--- Material provided Enclosed Below ---

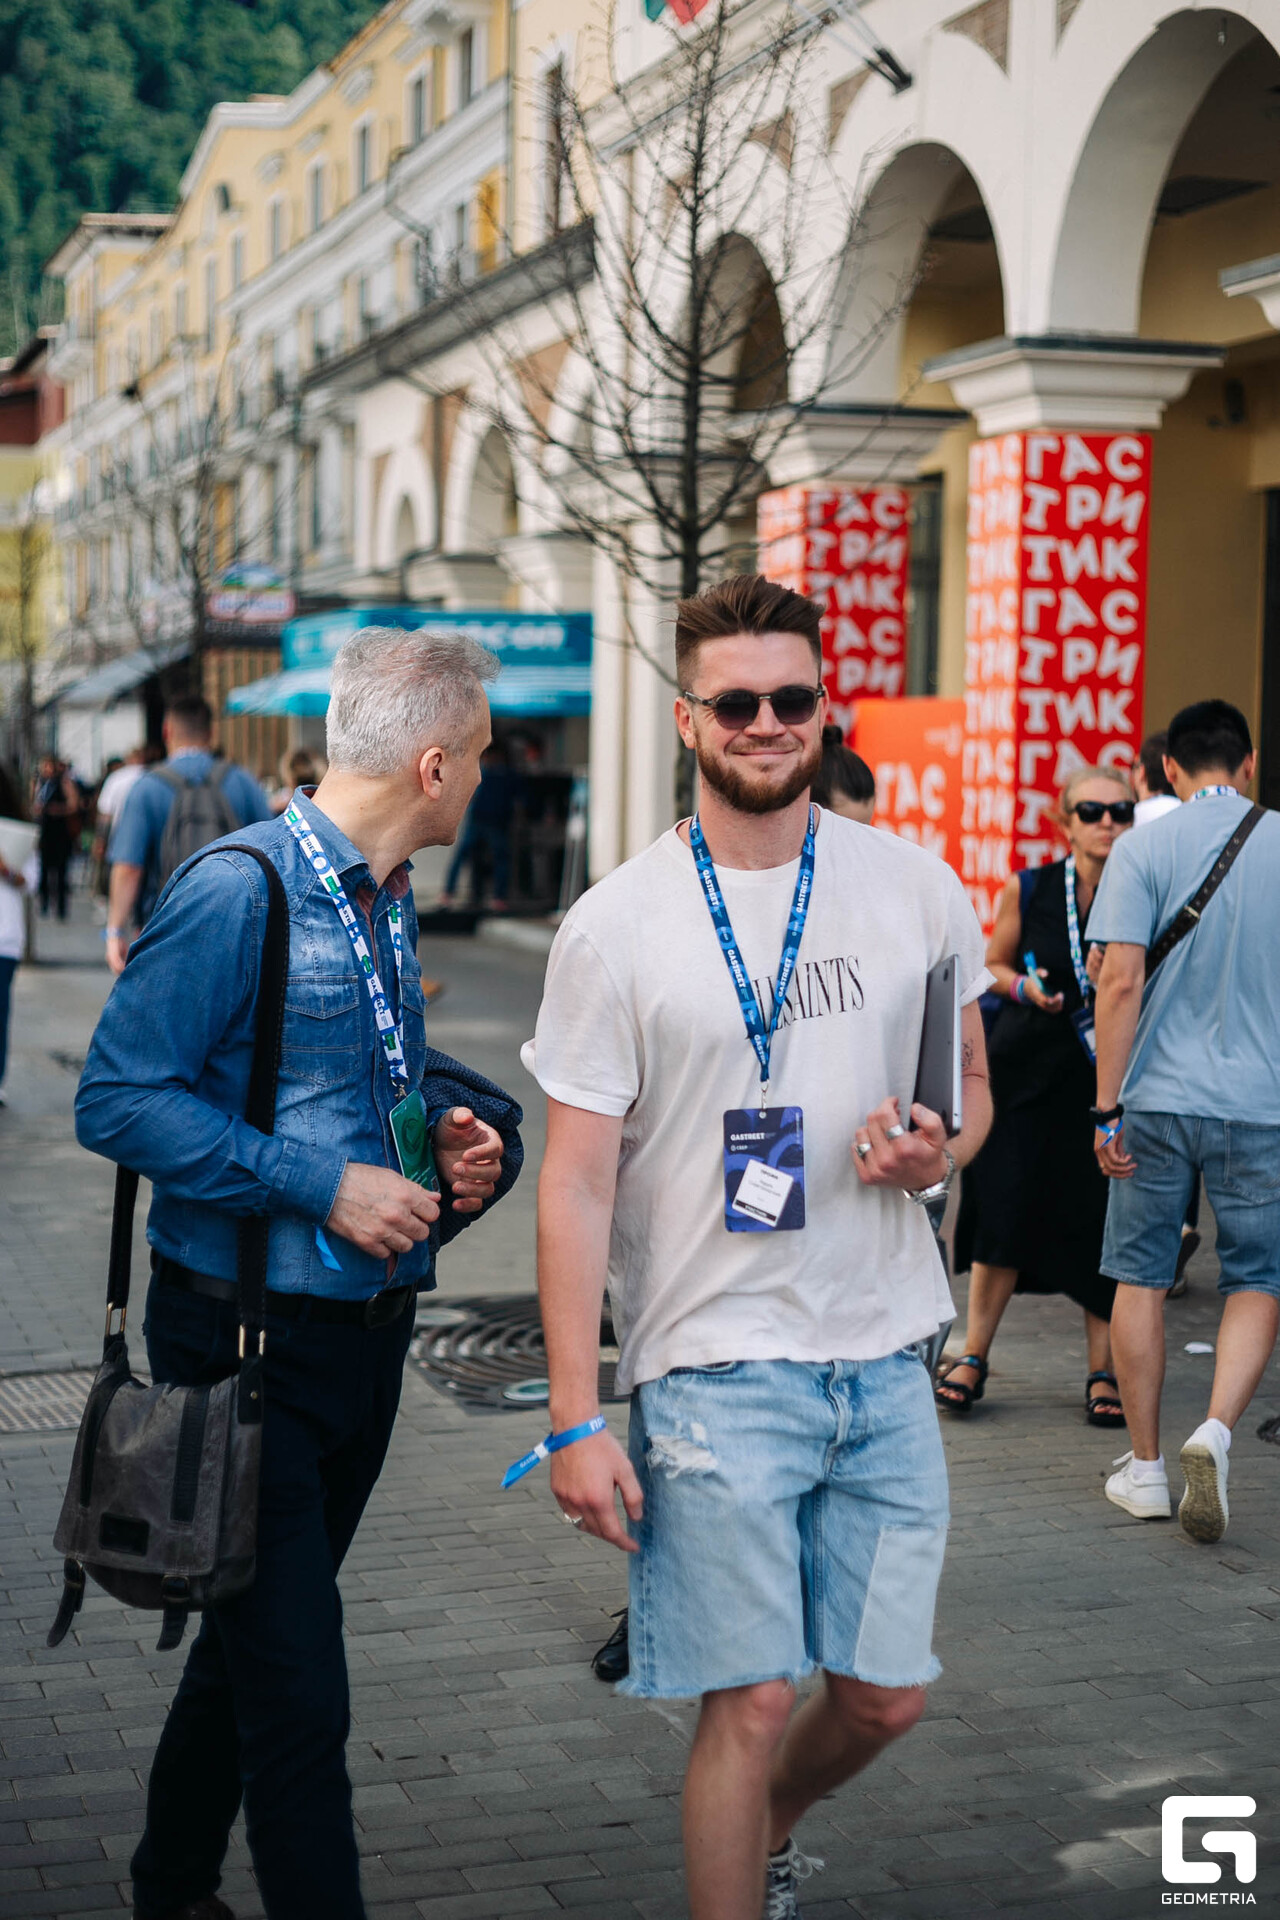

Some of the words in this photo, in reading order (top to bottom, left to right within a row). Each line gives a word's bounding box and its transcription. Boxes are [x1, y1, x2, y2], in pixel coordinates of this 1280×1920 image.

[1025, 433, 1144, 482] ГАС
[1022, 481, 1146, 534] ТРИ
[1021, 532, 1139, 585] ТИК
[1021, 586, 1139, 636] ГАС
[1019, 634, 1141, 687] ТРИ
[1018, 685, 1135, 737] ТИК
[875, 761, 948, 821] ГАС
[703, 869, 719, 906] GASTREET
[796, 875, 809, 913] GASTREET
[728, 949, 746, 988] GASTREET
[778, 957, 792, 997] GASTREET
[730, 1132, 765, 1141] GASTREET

--- End of Enclosed Material provided ---

What is being asked - Reproduce every record above word for word. Leave the pictures out.

Answer -
Some of the words in this photo, in reading order (top to bottom, left to right within a row). Each line gives a word's bounding box and its transcription. Boxes are [x1, y1, x2, y2], in pixel coordinates of this 1280×1920 image.

[1025, 433, 1144, 482] ГАС
[1022, 481, 1146, 534] ТРИ
[1021, 532, 1139, 585] ТИК
[1021, 586, 1139, 636] ГАС
[1019, 634, 1141, 687] ТРИ
[1018, 685, 1135, 737] ТИК
[875, 761, 948, 821] ГАС
[703, 869, 719, 906] GASTREET
[796, 875, 809, 913] GASTREET
[728, 949, 746, 988] GASTREET
[778, 957, 792, 997] GASTREET
[730, 1132, 765, 1141] GASTREET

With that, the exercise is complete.